**Your instructions**.
Reproduce exactly, and exclusively, the lines from the line containing "this 1280×1707 image." through the final line of the listing below.

+++ Records supplied

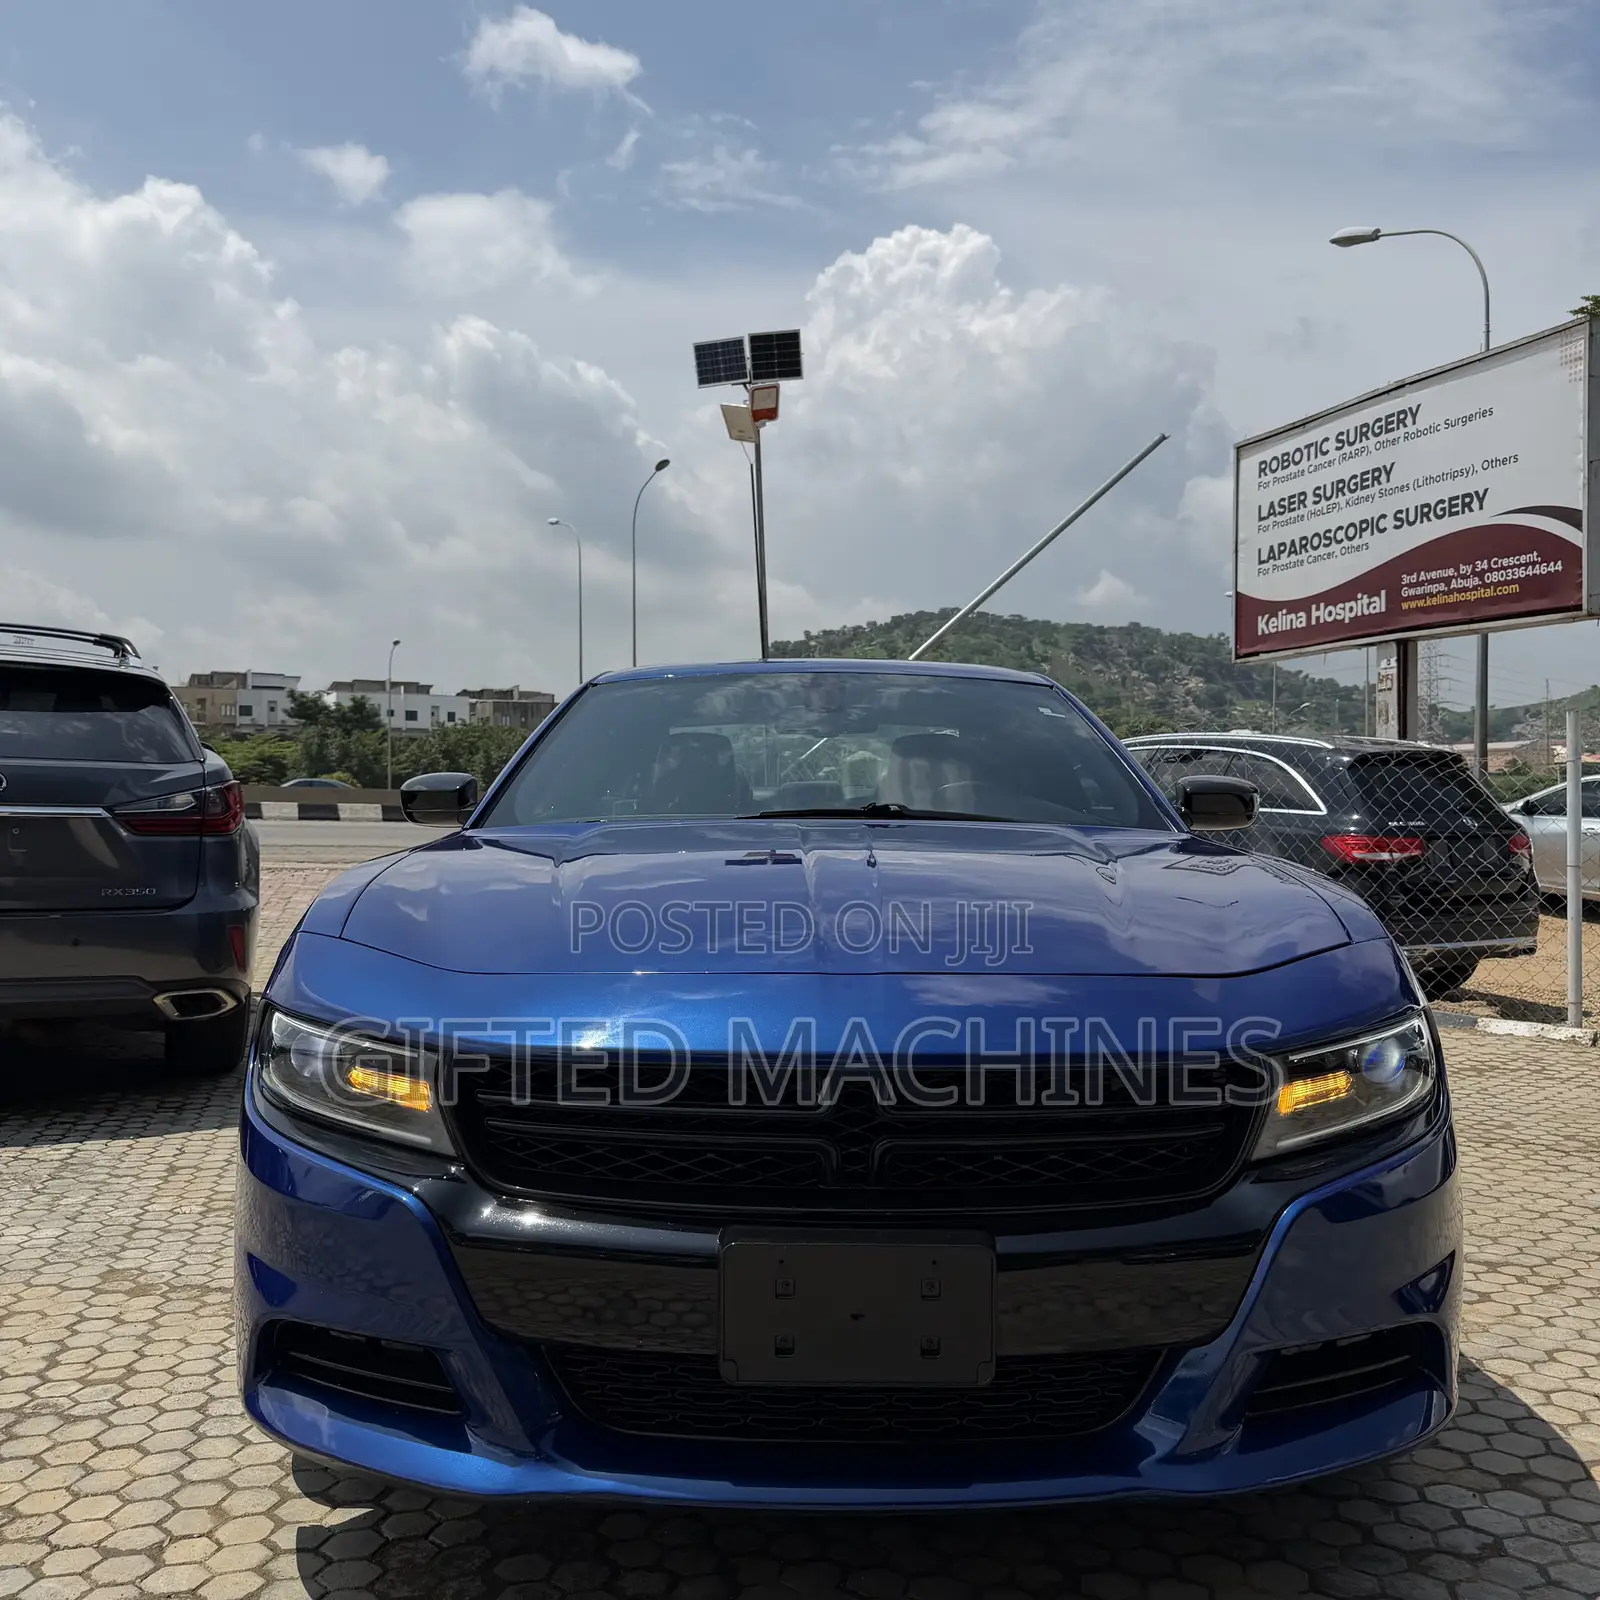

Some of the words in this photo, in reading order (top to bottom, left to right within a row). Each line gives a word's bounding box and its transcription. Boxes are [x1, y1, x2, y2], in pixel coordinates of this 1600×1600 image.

[1258, 437, 1330, 478] ROBOTIC
[1335, 403, 1422, 451] SURGERY
[1258, 478, 1271, 491] For
[1272, 468, 1305, 485] Prostate
[1307, 457, 1336, 474] Cancer
[1338, 445, 1372, 465] (RARP),
[1374, 436, 1401, 451] Other
[1403, 422, 1441, 442] Robotic
[1443, 406, 1494, 430] Surgeries
[1258, 491, 1307, 522] LASER
[1312, 462, 1396, 505] SURGERY
[1258, 523, 1271, 534] For
[1272, 512, 1305, 530] Prostate
[1306, 501, 1343, 521] (HoLEP),
[1345, 492, 1376, 509] Kidney
[1378, 482, 1410, 499] Stones
[1412, 463, 1478, 491] (Lithotripsy),
[1481, 453, 1519, 471] Others
[1258, 513, 1388, 566] LAPAROSCOPIC
[1393, 487, 1489, 530] SURGERY
[1258, 567, 1270, 578] For
[1272, 557, 1305, 574] Prostate
[1306, 551, 1338, 565] Cancer,
[1340, 542, 1369, 556] Others
[1401, 573, 1417, 585] 3rd
[1418, 566, 1458, 582] Avenue,
[1459, 564, 1473, 576] by
[1474, 559, 1489, 572] 34
[1490, 550, 1541, 569] Crescent,
[1401, 582, 1448, 598] Gwarinpa,
[1450, 574, 1482, 590] Abuja.
[1484, 560, 1563, 584] 08033644644
[1257, 608, 1307, 636] Kelina
[1311, 589, 1387, 626] Hospital
[1401, 583, 1519, 611] www.kelinahospital.com
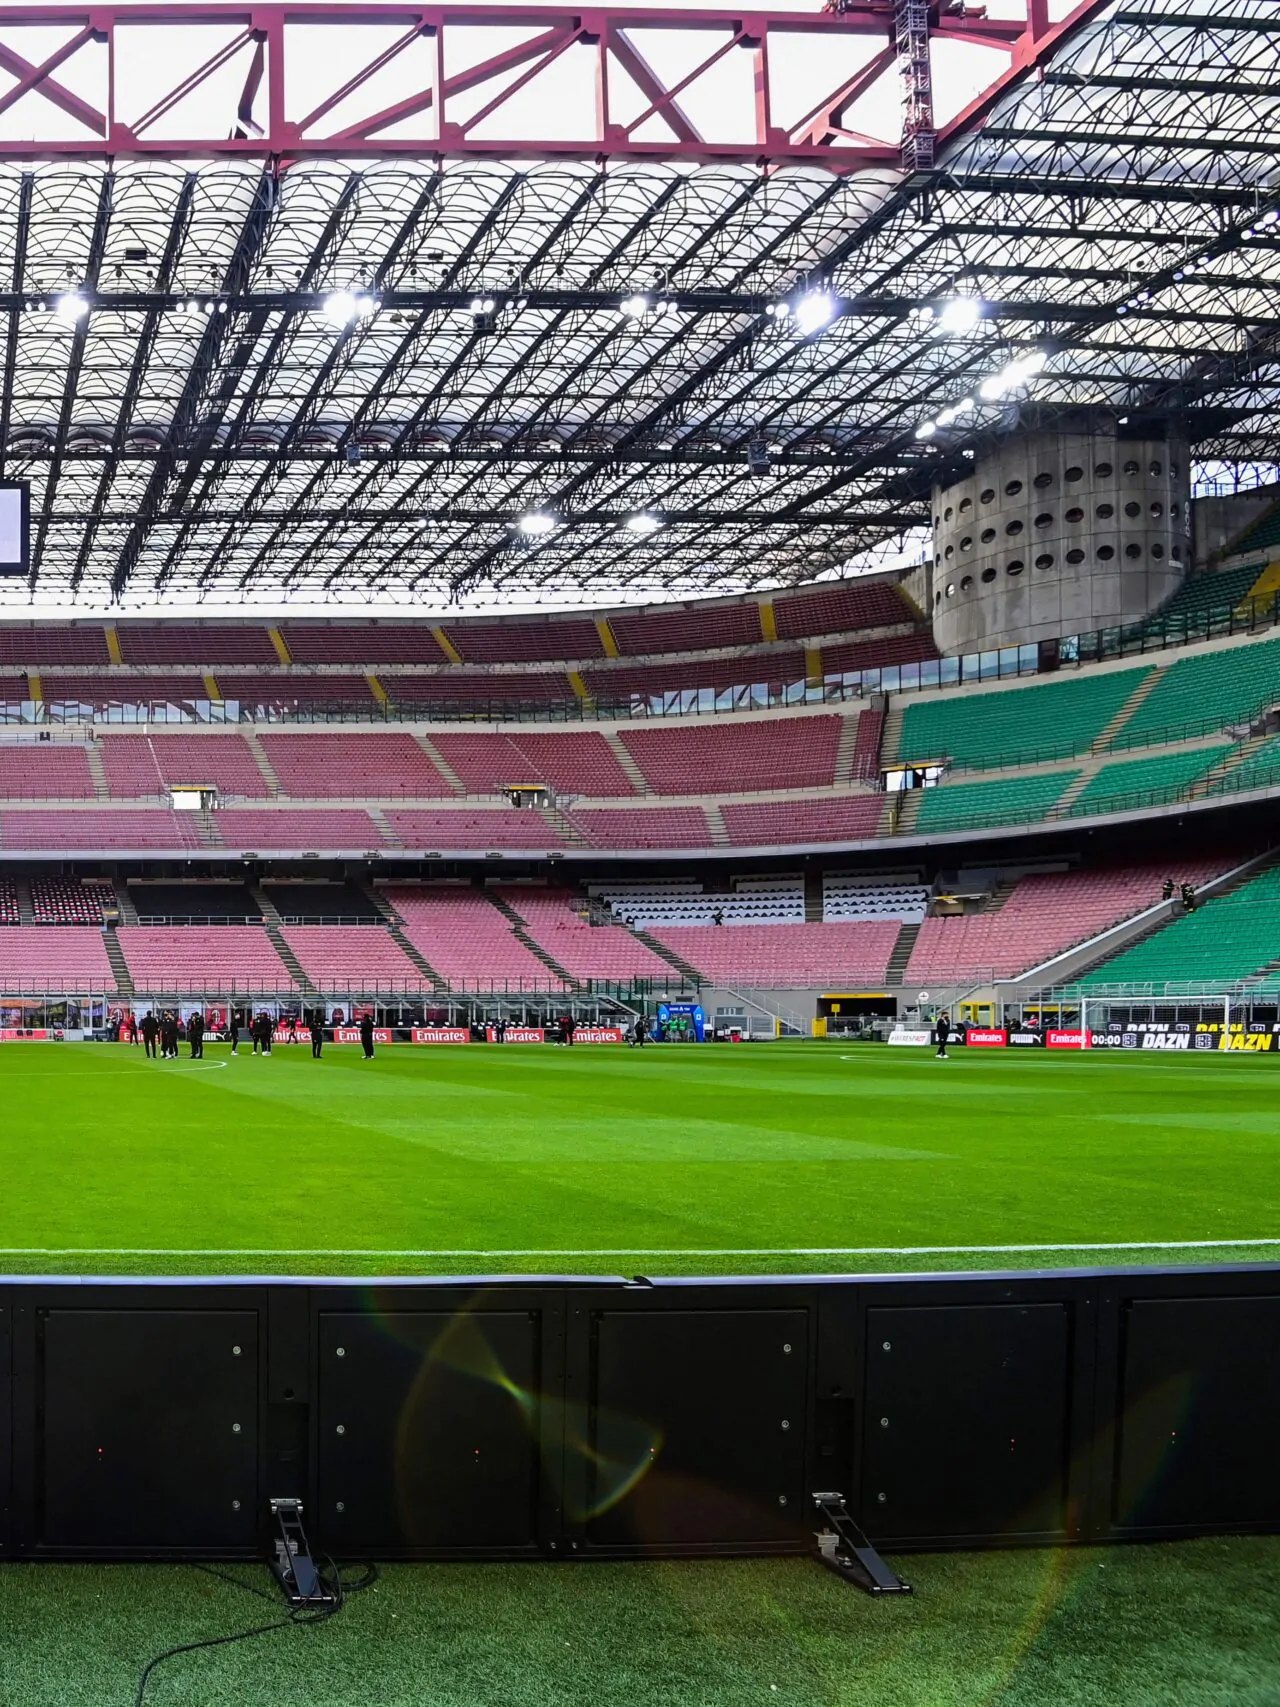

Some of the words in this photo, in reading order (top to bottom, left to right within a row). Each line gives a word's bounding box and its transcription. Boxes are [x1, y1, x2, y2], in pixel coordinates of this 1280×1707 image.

[339, 1030, 387, 1041] Emites
[416, 1030, 465, 1041] Emirates
[970, 1033, 1003, 1042] Emirates
[1091, 1034, 1121, 1045] 00:00
[1142, 1033, 1191, 1049] DAZN
[1218, 1034, 1273, 1050] DAZN

++++++

**Output for this task**.
Some of the words in this photo, in reading order (top to bottom, left to right within a row). Each line gives a word's bounding box and its transcription. Boxes are [x1, y1, x2, y2], in pixel coordinates of this 1280×1707 image.

[339, 1030, 387, 1041] Emites
[416, 1030, 465, 1041] Emirates
[970, 1033, 1003, 1042] Emirates
[1091, 1034, 1121, 1045] 00:00
[1142, 1033, 1191, 1049] DAZN
[1218, 1034, 1273, 1050] DAZN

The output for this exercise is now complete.